История Индий - Бартоломе Лас Касас
Шрифт:
Интервал:
Закладка:
Как известно, первыми землями, открытыми Колумбом в Новом Свете, были острова Вест-Индии. Первыми туземцами, с которыми столкнулись испанцы, было население Антильских островов, говоривших на арауакском и карибском наречиях. Из этого арауак-карибского источника испанский язык и почерпнул значительную часть лексических американизмов. Индейским словам антильского происхождения принадлежит особая роль в американизации испанского языка вообще и испано-американского варианта в частности и в особенности.
Состав индианизмов в «Истории Индий» Лас Касаса отражает общие принципы использования индейских слов в речи испанцев раннего периода колонизации: 1) отказ от использования индейских языков малого радиуса распространения (ибо слова из этих языков становились бесполезными уже через «двадцать лиг»), 2) использование первых усвоенных слов широко распространенного арауак-карибского наречия как некоего вспомогательного средства при контактах с носителями других индейских языков. Практика введения Лас Касасом антильских слов подтверждает тот факт, что испанский язык, рано включивший арауак-карибские элементы, оказался единственным живым языком, который мог их распространить в процессе дальнейших завоеваний (поскольку сами носители живого арауак-карибского наречия практически были истреблены). Иными словами, распространение лексических антилизмов, как это ни покажется парадоксальным, было результатом прогрессирующей испанизации «Индий», а вместе с тем и фактором унификации лексики американского варианта, поскольку антильская лексика вытесняла не только местные наименования малого радиуса действия, но и слова авторитетных индейских языков. Так, например, Лас Касас при описании плода, увиденного в Никарагуа, замечает — Çapotes que llamamos mameyes (II, 15). Mamey — уже привычное для него слово антильского (арауакского) происхождения, и он пользуется им для объяснения нового слова из языка науатль çapote. При первом употреблении слова mamey Лас Касас толкует его (как и обычно в таких случаях) при помощи испанского melocotón (сорт персика): la fructa que los indios llamaban mameyes… podremos dar alguna semejanza comparándola en algo a alguna de las de Castilla y ésta es a los melocotones (I, 13) ‘плод, который индейцы называют словом mameyes… мы можем в какой-то мере сравнить с одним из плодов Кастилии, а именно с персиками’. Ставя знак равенства çapote = mamey, Лас Касас объясняет, почему плоды, называемые в Никарагуа словом çapote, он передает через антильский эквивалент: por арагесег a los de esta Española (III, 50) ‘потому что они похожи на плоды острова Эспаньола’. При описании некоторых перуанских реалий Лас Касас также пользуется антилизмами: Estos vocablos cotaras (род обуви), macanas (палицы), bixa (красная краска), y maíz (маис), y maguey (американская агава, пита) fueron vocablos desta isla (т. e. Эспаньолы) y no de la Tierra Firme, porque рог otros vocablos allá estas cosas llaman (III, 36)[105].

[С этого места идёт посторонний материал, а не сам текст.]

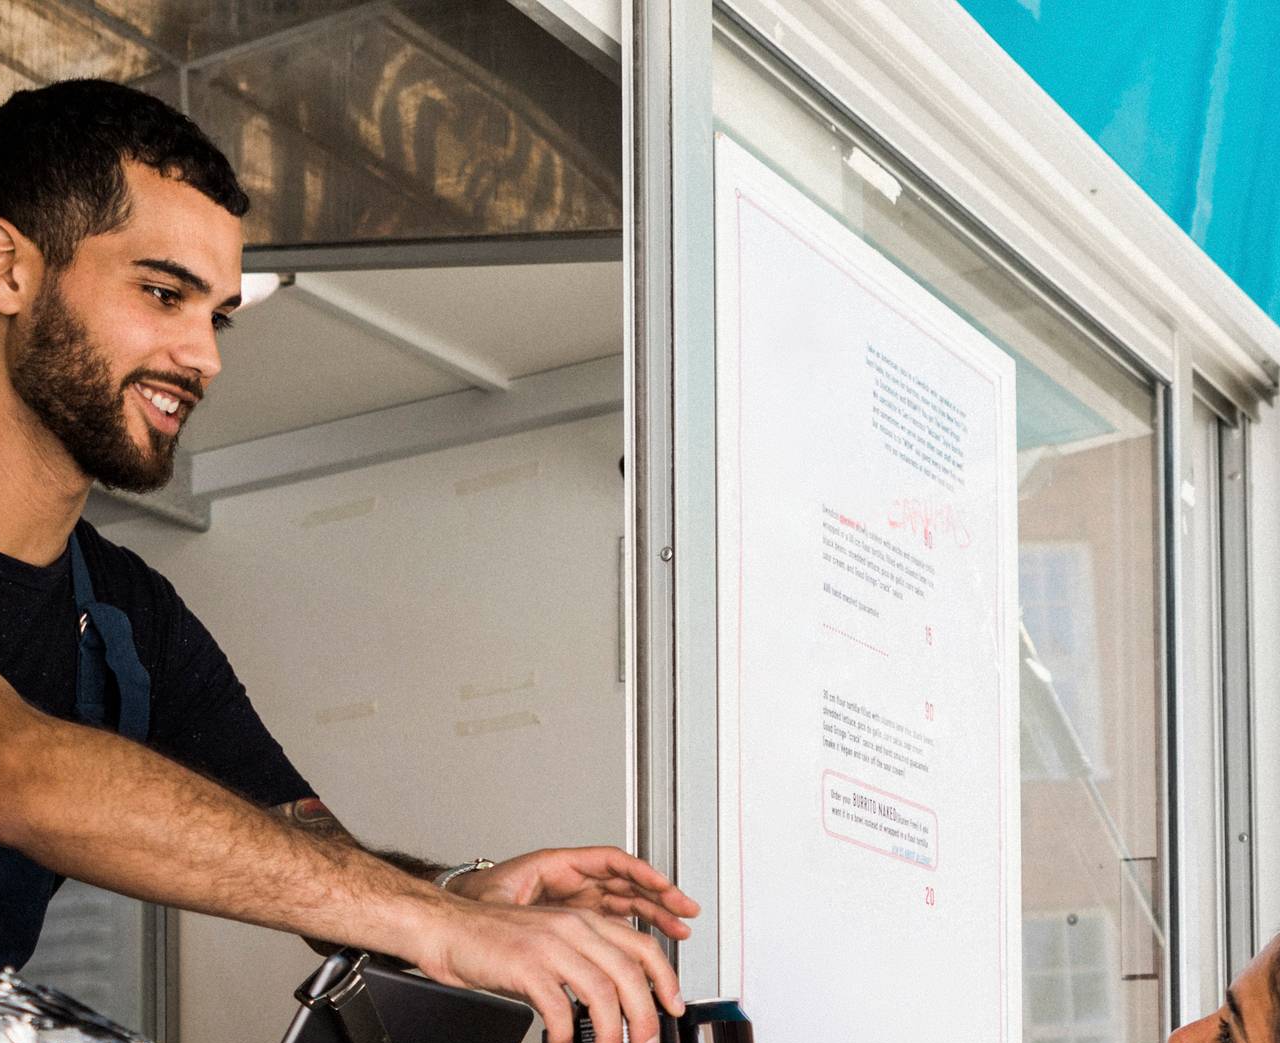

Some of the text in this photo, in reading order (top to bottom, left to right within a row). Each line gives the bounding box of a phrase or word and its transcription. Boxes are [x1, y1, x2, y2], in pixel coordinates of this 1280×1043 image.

[852, 792, 876, 814] BURRITO
[877, 802, 897, 821] NAKED
[924, 886, 935, 907] 20

Индейская лексика в «Истории Индий» Лас Касаса включает не только термины ботанического или зоологического характера, но и названия предметов одежды, пищи, обозначения жилища, празднеств, церемоний и т. д. Индианизм обычно толкуется при помощи испанских слов: xagueyes = aljibes (aljibes о xagueues), guabines = truchas, dahos = albures, diahas = mojarras, tetí = pece-rey, hicoteas = galapagos и др. Часто толкование осуществляется посредством соотнесения индейского слова с целым рядом испанских обозначений. Так, например, слово cocuyo толкуется при помощи gusano (видимо, «светлячки», ср. gusano de luz ‘светляк’), avecitas pocturnas букв. «ночные птички», luciemagas «светляки», escarabajos que vuelan букв. «жуки, которые летают». Описание нового вида животного — ламы (llama, а также guanaco, vicunia, paco) включает сравнение с европейской овцой: una especie de ovejas; las cabezas como las ovejas de Castilla, poco más о menos; ganados ovejunos; с ослом: tan grandes como bestias asnales, mayores algo que los de Cerdeña; с верблюдом: los pescuezos cuasi como de camellos (III, 6)[106].
Сопоставление индианизмов, зафиксированных Лас Касасом, с другими источниками разных жанров и разных эпох позволяет высказать несколько общих соображений по поводу характера бытования американизмов этой категории.
В начальный период завоевания и колонизации общий фонд индианизмов, фигурировавших в записках «бывалых людей» (вроде Лас Касаса, Овьедо, Лисарраги и др.), в хрониках и т. д., был больше, нежели в документах последующих эпох. В ранних текстах индианизмы распределялись более или менее равномерно в испанском языке, функционировавшем по обе стороны океана. Разница, однако, состояла в том, что в пиренейском испанском общие индианизмы входили в состав письменного языка, тогда как в американской среде они получали более широкое распространение в качестве элементов не только письменной, но и устной речи (вспомним частые замечания Лас Касаса: que aquí decimos, que aquí llamamos, т. е. «которые мы здесь называем»).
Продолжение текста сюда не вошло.